Chu Teh-Chun, born in 1920 in Baitu Zhen in the Xian of Xiao, China, grew up in a family of doctors and collectors of Japanese calligraphy and painting. At 15 years old, he joined the National School of Fine Arts in Hangzhou. He used his free time to explore the traditional Chinese style and created more than 500 watercolors of the West’s lake. However, his school did not suggest traditional Chinese art’s classes, thus he had to study western’s painting.
During the Sino-Japanese War, Chu The-Chun was appointed professor at the Nanjing’s University. In 1942, he became full professor.
In 1950, he became professor at the Industrial School, architectural section, in Taipei, Taiwan.
In 1951, he became a faculty member in National Taiwan Normal University where he would teach western painting.
In 1955, the painter and his wife, Tung Chi-Chao, started a trip for Europe. They fell in love with Paris and decided to settle there.
As lyrical abstraction’s patriarch, especially in abstract landscaping, Chu Teh-Chun dawn notoriety in France at the end of the 1950s.
In 1964, his success kept extending itself with the Carnegie exhibition at the Pittsburg’s, Jerusalem’s and Athens’ Museum of Arts. He also contributed to the Sao Paulo Art Biennial in 1969.
In the middle of the 1970s, he reconnected with the Japanese calligraphy, his childhood dedication. In 1983, he was chosen to participate to the board of Hong Kong’s University. Thanks to it, he would be able to travel to Beijing where he would be invited to join the Chinese Artists Union. In his honor, the National History Museum of Taiwan organized his first retrospective exhibition.
In 1997, he was elected to be a member of the Académie des Beaux-Arts, in painting section.
The French Artistic Action Association (AFAA) at the Beaux-Arts Museum of Beijing, Honk Kong, Kaohsiung and Taipei organized another retrospective from 1997 to 1998.
In 2002, he realized
La Symphonie Festive for Shanghai’s opera; the artwork was exposed in the opera’s hall.

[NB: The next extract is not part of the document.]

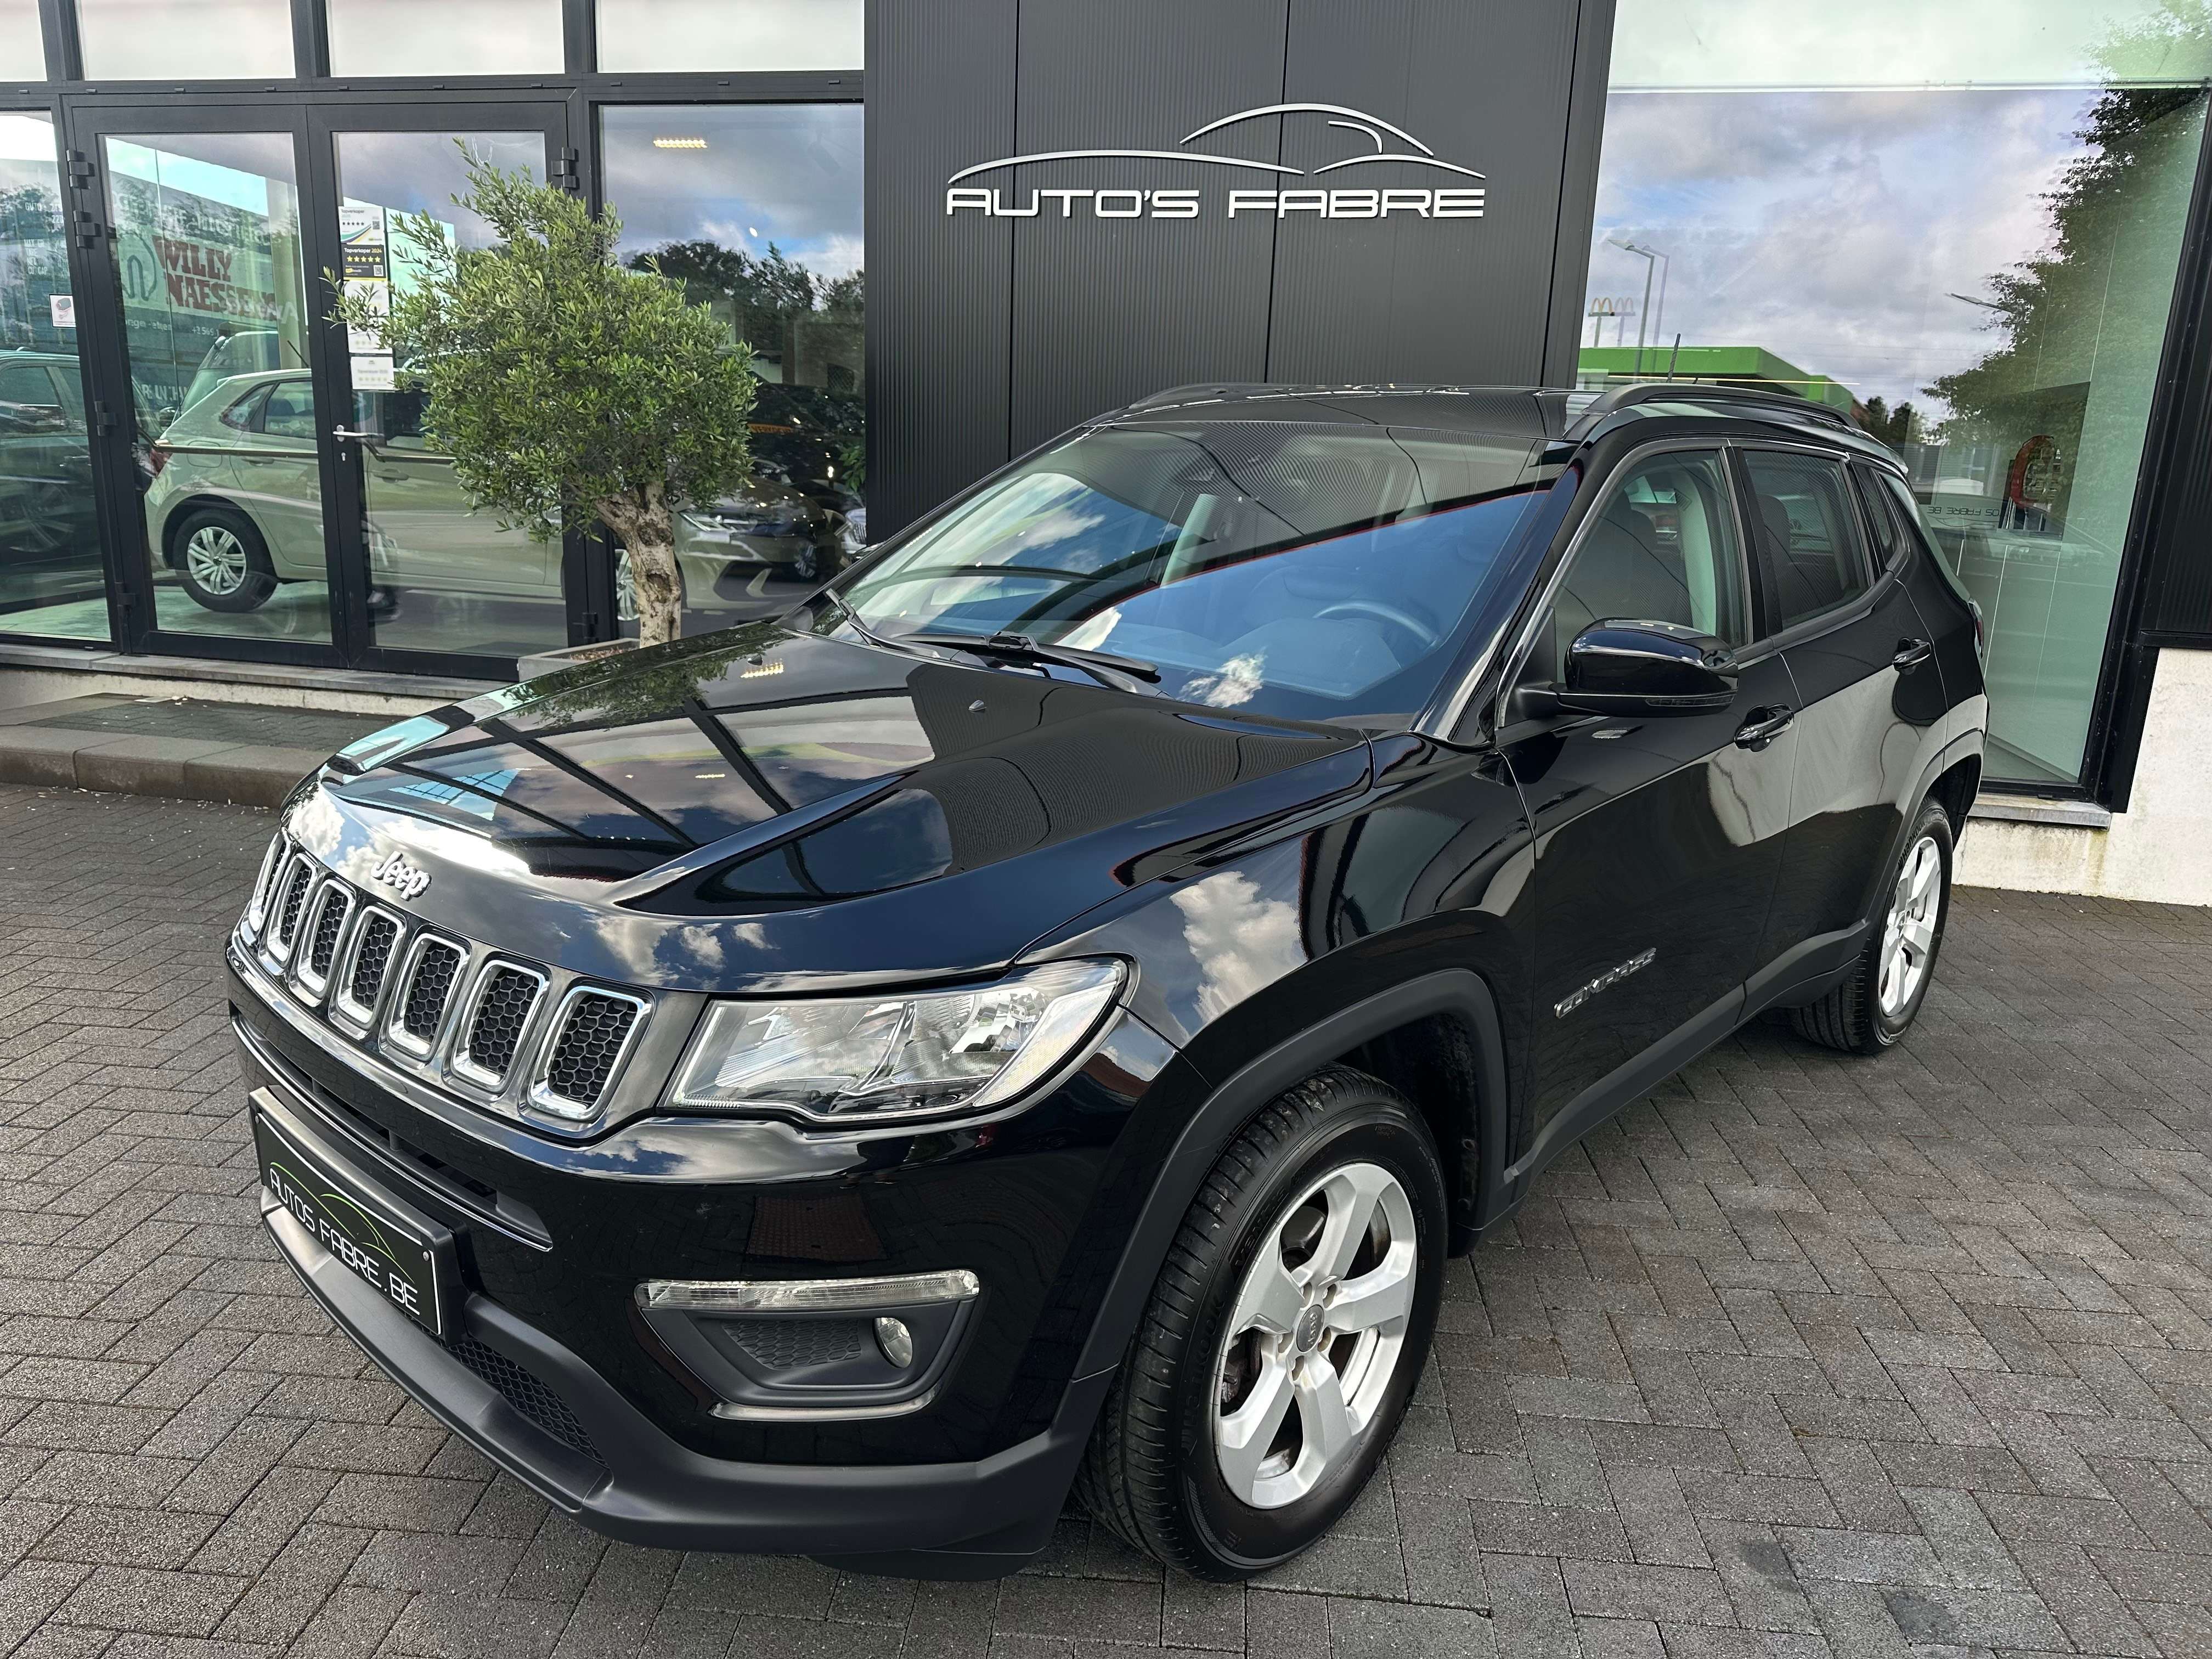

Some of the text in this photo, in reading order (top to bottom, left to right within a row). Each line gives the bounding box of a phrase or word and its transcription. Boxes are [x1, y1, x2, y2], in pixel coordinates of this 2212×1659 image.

Between 2006 and 2008, he began a new journey with the Sèvres national manufacture where he would discover a new material: Ceramics. He would fuse cultures with white Chinese porcelain base, Persian cobalt blue and traditional European gold with the additional of Song Dynasty patterns. He created 56 vases named “ De neige, d’or et d’azur” at the Guimet Museum in September 2009.
Chu Teh-Chun died in March 2014 in Paris, France.